Huh. Well, if this is for real, health insurance co-ops could be the way “health care reform” ends up going as the White House is realizing there’s too much opposition to the government’s current plan.
“Co-ops are very prevalent in our society,” Conrad said. “They’ve been a very successful business model.”
White House Press Secretary Robert Gibbs told CBS’ “Face the Nation” Sunday that the “bottom line” for the president is “choice and competition in the insurance market.”
“The president has thus far sided with the notion that that can best be done through a public option,” Gibbs said.
I just love how the government monopoly would be called an option. You could either choose the government, or choose the businesses who have been regulated to the point of irrelevance or indistinction in relation to the government!
Even though this looks like a face-saving move (“We’re going to lose. Let’s at least propose a plan-B with a word that will make all our far-left friends happy”), I think this is a much more palatable idea.
As proposed by Conrad, the co-ops would receive federal startup money, but then would operate independently of the government. They would have to maintain the same financial reserves that private companies are required to keep to handle unexpectedly high claims.
The co-op thing could work well, if people listen to what this guy has to say at the Wall Street Journal. Turns out John Mackey, CEO of Whole Foods, has been offering what I think is an innovative and efficient health care plan (involving a co-opy tool, the health care savings plan) for all employees working 30 hours or more a week.
From the FOXNews article documenting the reaction to Mackey’s op-ed,
Whole Foods pays 100 percent of the premiums, but not the deductibles, for all employees who work 30 hours or more per week, or about 89 percent of its workers, and gives each employee $1,800 per year in “health-care dollars” that can be used for health and wellness expenses, according to the article.

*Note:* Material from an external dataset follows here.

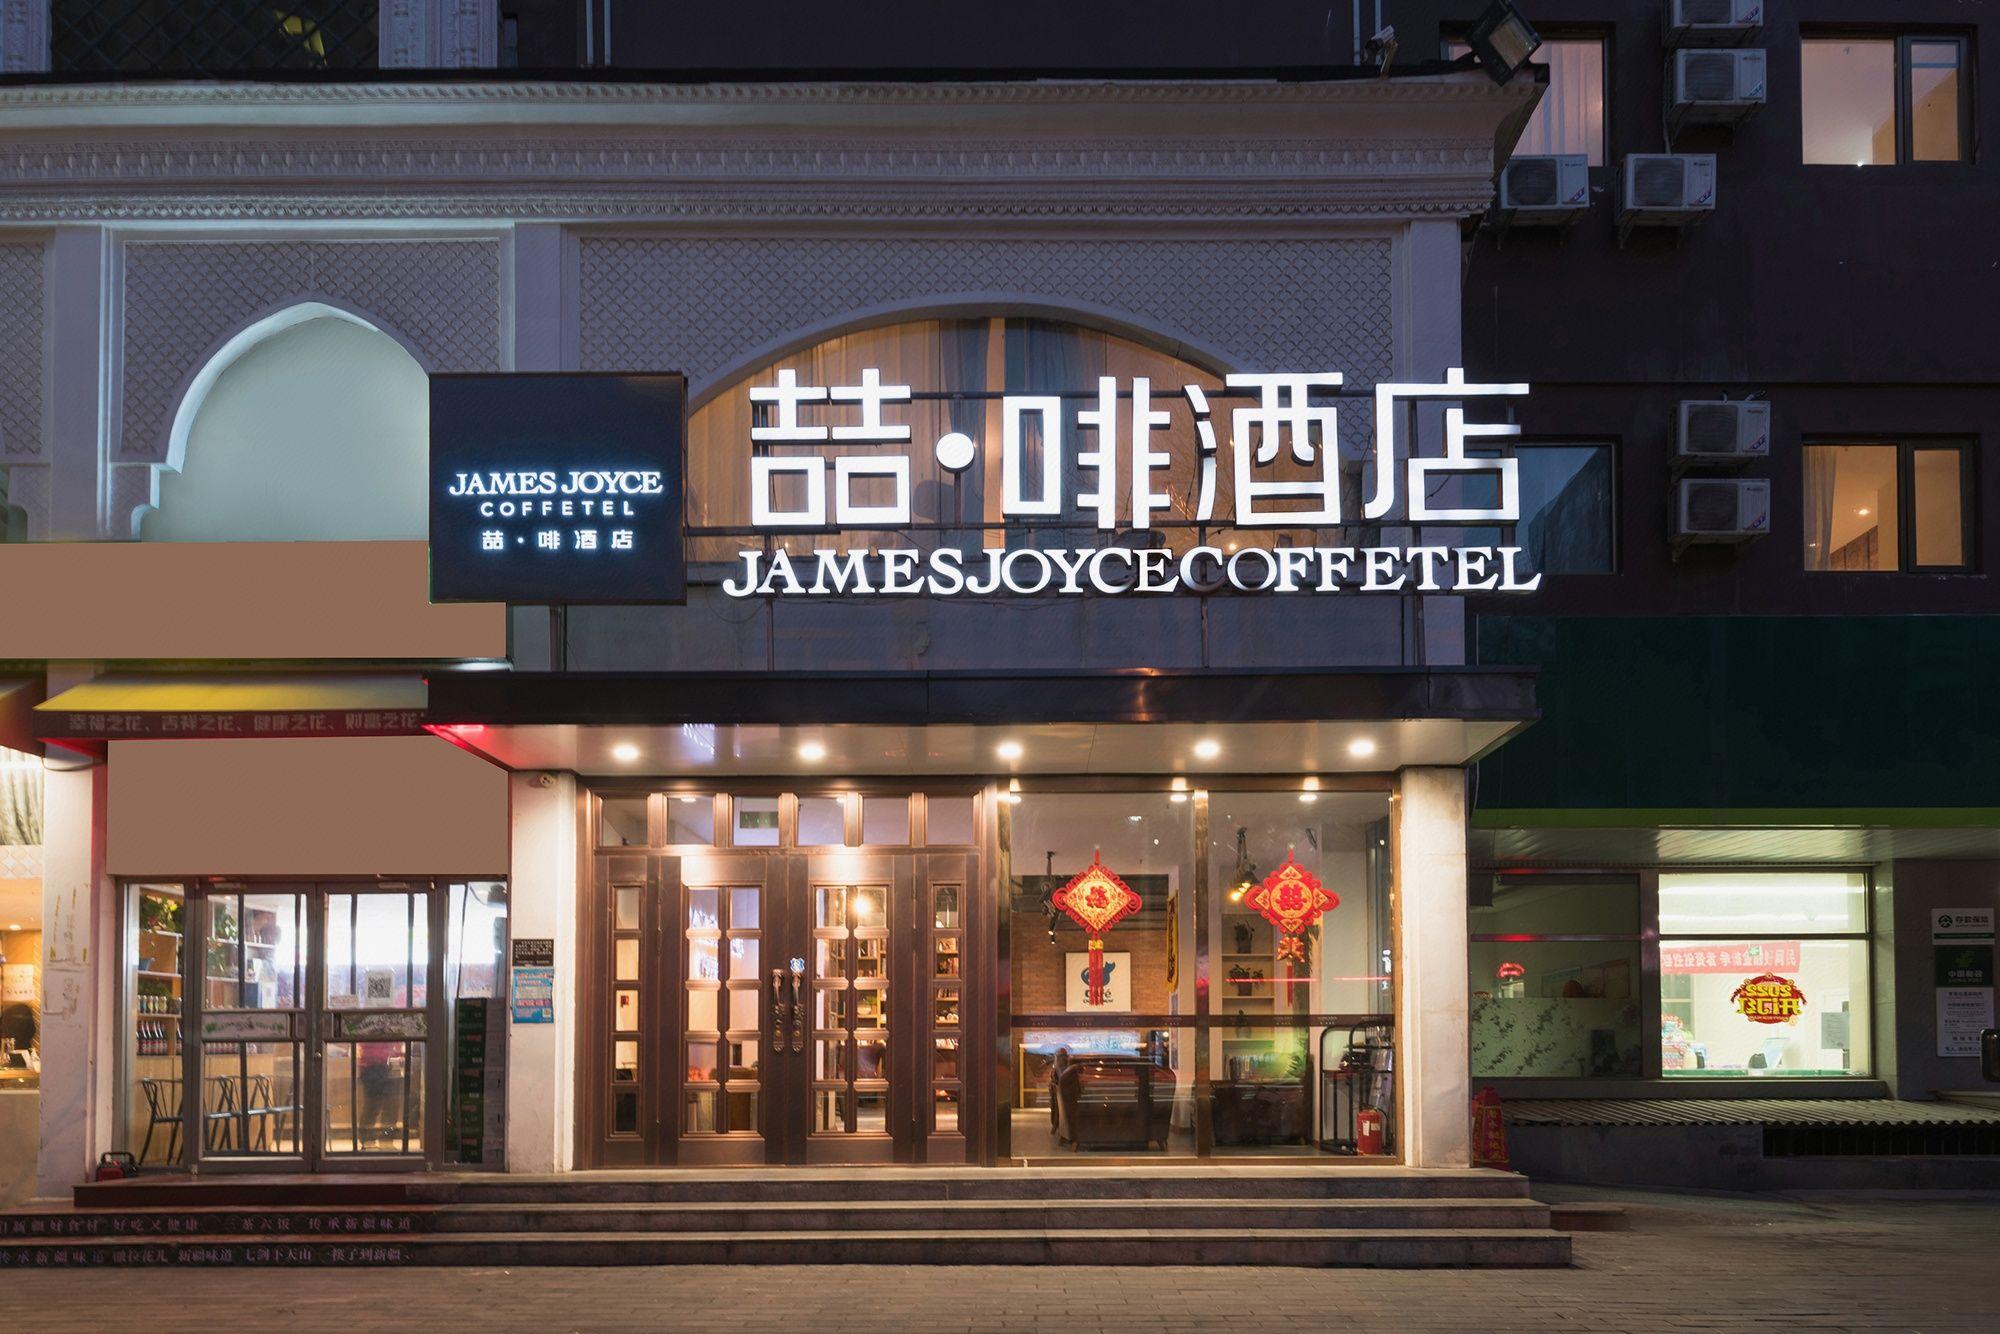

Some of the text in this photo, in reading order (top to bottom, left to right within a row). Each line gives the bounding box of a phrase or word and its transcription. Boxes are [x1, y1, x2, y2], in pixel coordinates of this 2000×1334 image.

Among the recommendations he made: equalizing tax laws for health insurance benefits; repealing all state laws which prevent insurance companies from competing across state lines; repealing government mandates regarding who they must cover; and enacting tort reform and Medicare reform.
Mackey argued that health care is not a right, noting that neither the Declaration of Independence nor the Constitution guarantees it.
Oh, I can only imagine the froth of foamy rage on the lips of so many Whole Foods shoppers as they read a seller of organic earth-friendly foods saying that health care is not a political right! Although Christians like myself and Alton Brown shop there, he and I are just ignorant Southerners. And although Whole Foods is a Southern company, Californians talk about the place like they own it. I just love this! (Although I will grant that Austin, where Whole Foods began, and which is a very cool town, is like a pocket of California in Texas.)
So we’ve got a word (“co-op”) that granola types love, but that in the health care field is used almost exclusively by Christians; and we’ve got a retail operation that is the pride of granola types, but all along has been operating in a way that pisses them off. Oh, how I love the irony.
Supporting co-ops as they start up is a great idea…but it will only be different from what we have now if we can have open competition between all providers of some sort of “medical insurance”. The real problem here is that we have a system that drives prices ever upward, and therefore forces people either to participate in the system or go begging to the government. Until that is somehow dealt with, the oppression of the poor won’t stop. Health care co-ops were part of the solution. Can they be such if they simply become part of a maze of government bureaucracy?